● **Activity**
The entries below should be set down again exactly, with every picture left out.

------ Dataset records ------

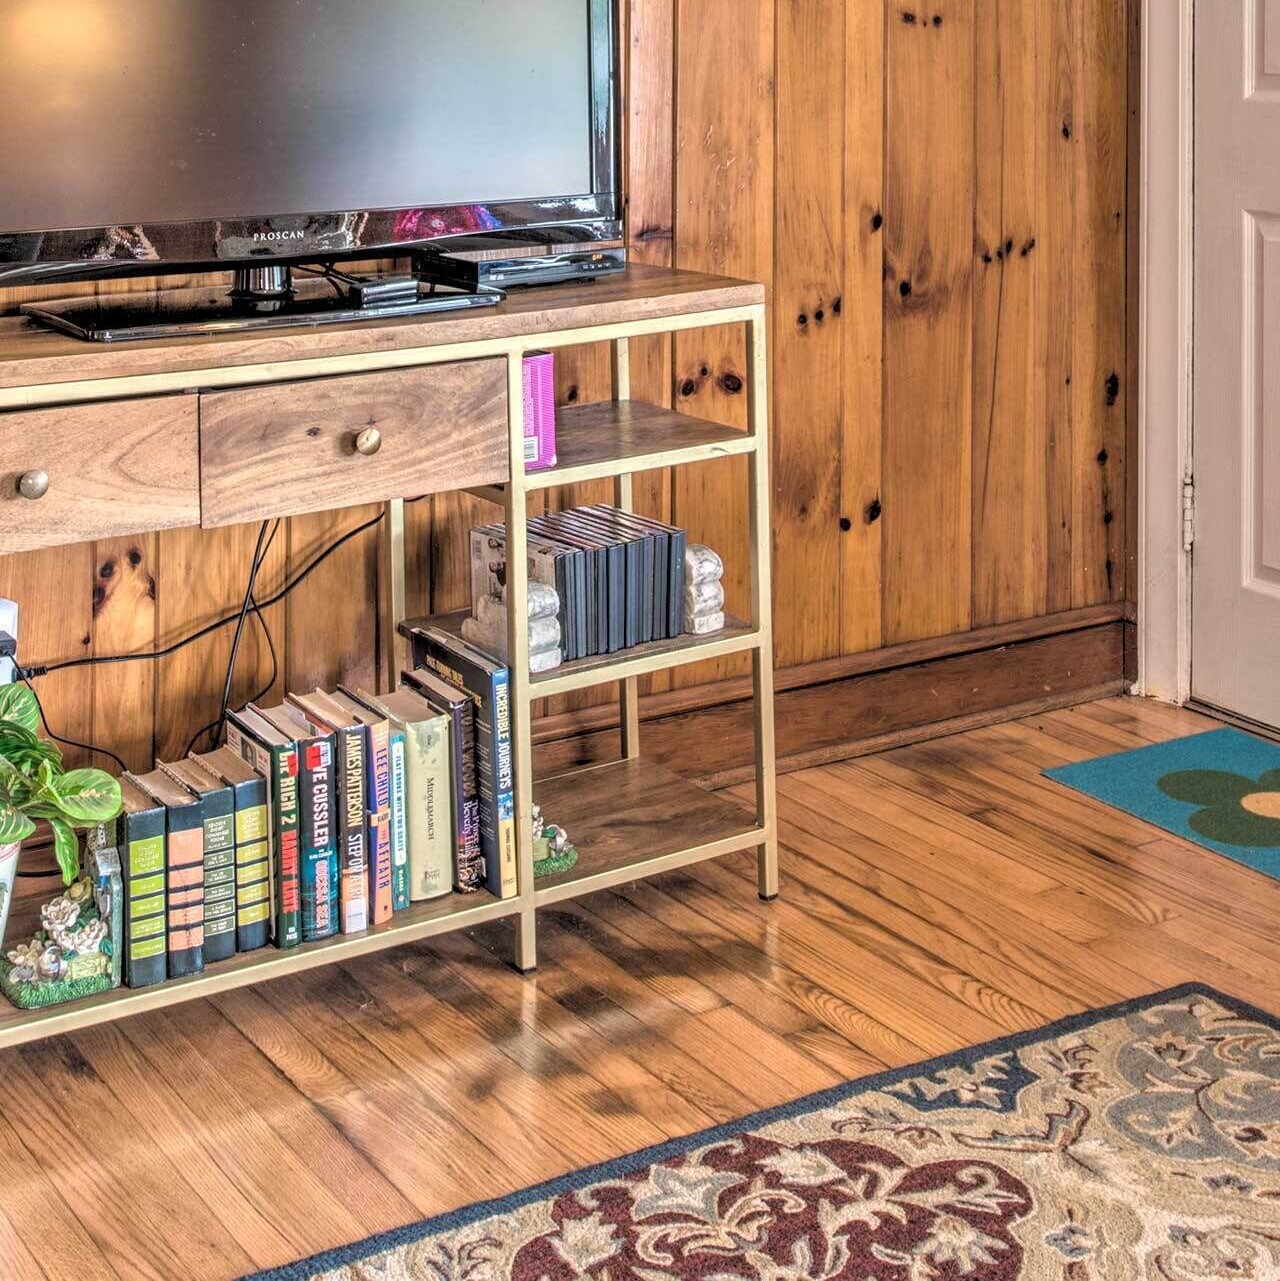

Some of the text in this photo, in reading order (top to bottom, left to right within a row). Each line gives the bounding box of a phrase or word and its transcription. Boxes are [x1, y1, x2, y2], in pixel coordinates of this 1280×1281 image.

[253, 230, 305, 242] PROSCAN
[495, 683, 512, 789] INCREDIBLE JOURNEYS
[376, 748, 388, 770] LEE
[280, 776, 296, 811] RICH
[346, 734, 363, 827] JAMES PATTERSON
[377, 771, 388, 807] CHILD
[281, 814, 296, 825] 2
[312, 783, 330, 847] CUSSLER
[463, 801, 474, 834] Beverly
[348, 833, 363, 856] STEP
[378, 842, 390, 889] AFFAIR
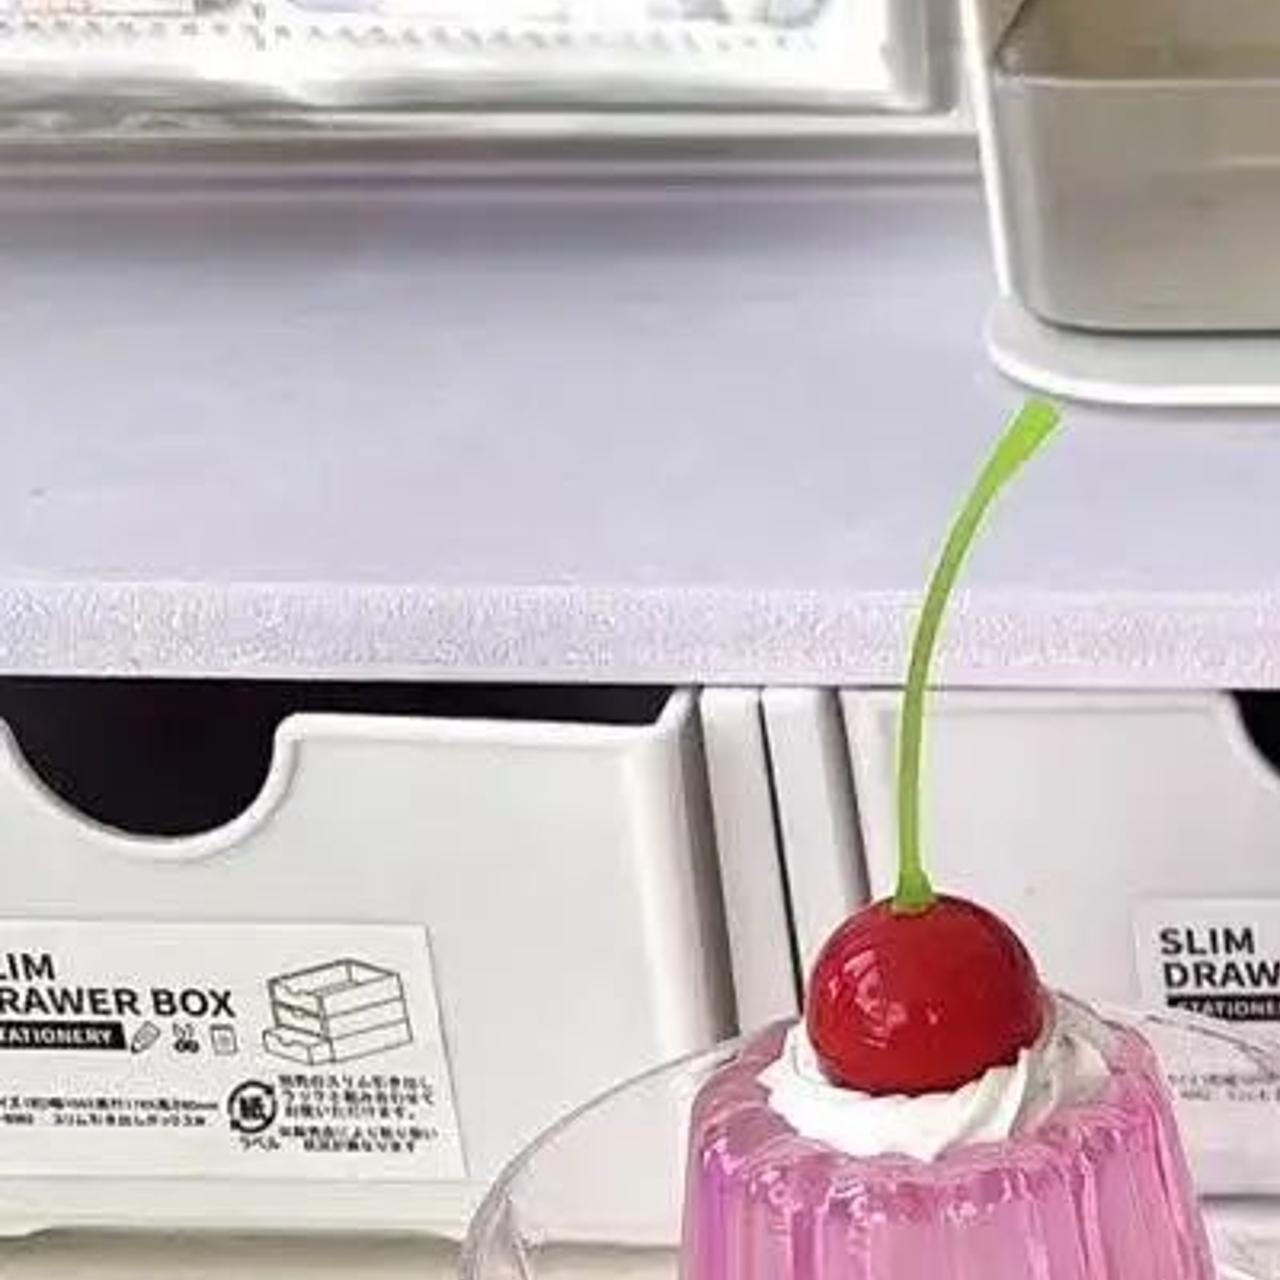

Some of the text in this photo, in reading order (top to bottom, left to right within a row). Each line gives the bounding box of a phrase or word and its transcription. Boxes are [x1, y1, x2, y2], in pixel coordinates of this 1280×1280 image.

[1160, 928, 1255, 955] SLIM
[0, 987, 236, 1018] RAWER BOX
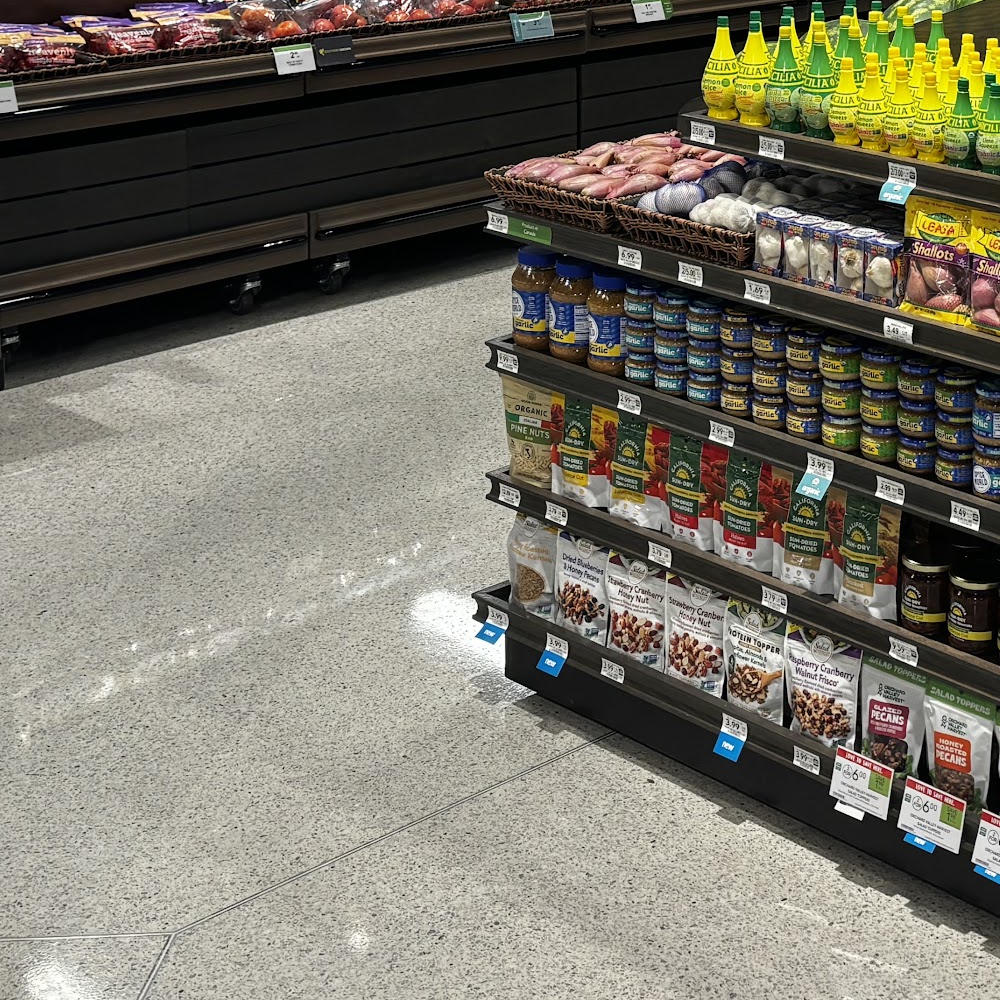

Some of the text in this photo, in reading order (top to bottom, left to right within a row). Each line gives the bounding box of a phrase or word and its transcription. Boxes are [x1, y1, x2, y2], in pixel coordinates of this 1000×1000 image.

------

● **Task answer**
Some of the text in this photo, in reading order (top to bottom, left to right within a row). Each line gives the bounding box of a phrase or word and its transcription. Boxes are [x1, y1, x2, y2], in pixel coordinates of this 1280×1281 image.

[253, 230, 305, 242] PROSCAN
[495, 683, 512, 789] INCREDIBLE JOURNEYS
[376, 748, 388, 770] LEE
[280, 776, 296, 811] RICH
[346, 734, 363, 827] JAMES PATTERSON
[377, 771, 388, 807] CHILD
[281, 814, 296, 825] 2
[312, 783, 330, 847] CUSSLER
[463, 801, 474, 834] Beverly
[348, 833, 363, 856] STEP
[378, 842, 390, 889] AFFAIR

Some of the text in this photo, in reading order (top to bottom, left to right within a row). Each line gives the bounding box of a phrase or word and its transcription. Boxes are [x1, y1, x2, y2], in pixel coordinates of this 1280×1280 image.

[1160, 928, 1255, 955] SLIM
[0, 987, 236, 1018] RAWER BOX

Some of the text in this photo, in reading order (top to bottom, left to right within a row). Each line gives the bounding box of a phrase or word and its transcription. Boxes are [x1, y1, x2, y2], in pixel coordinates of this 1000×1000 image.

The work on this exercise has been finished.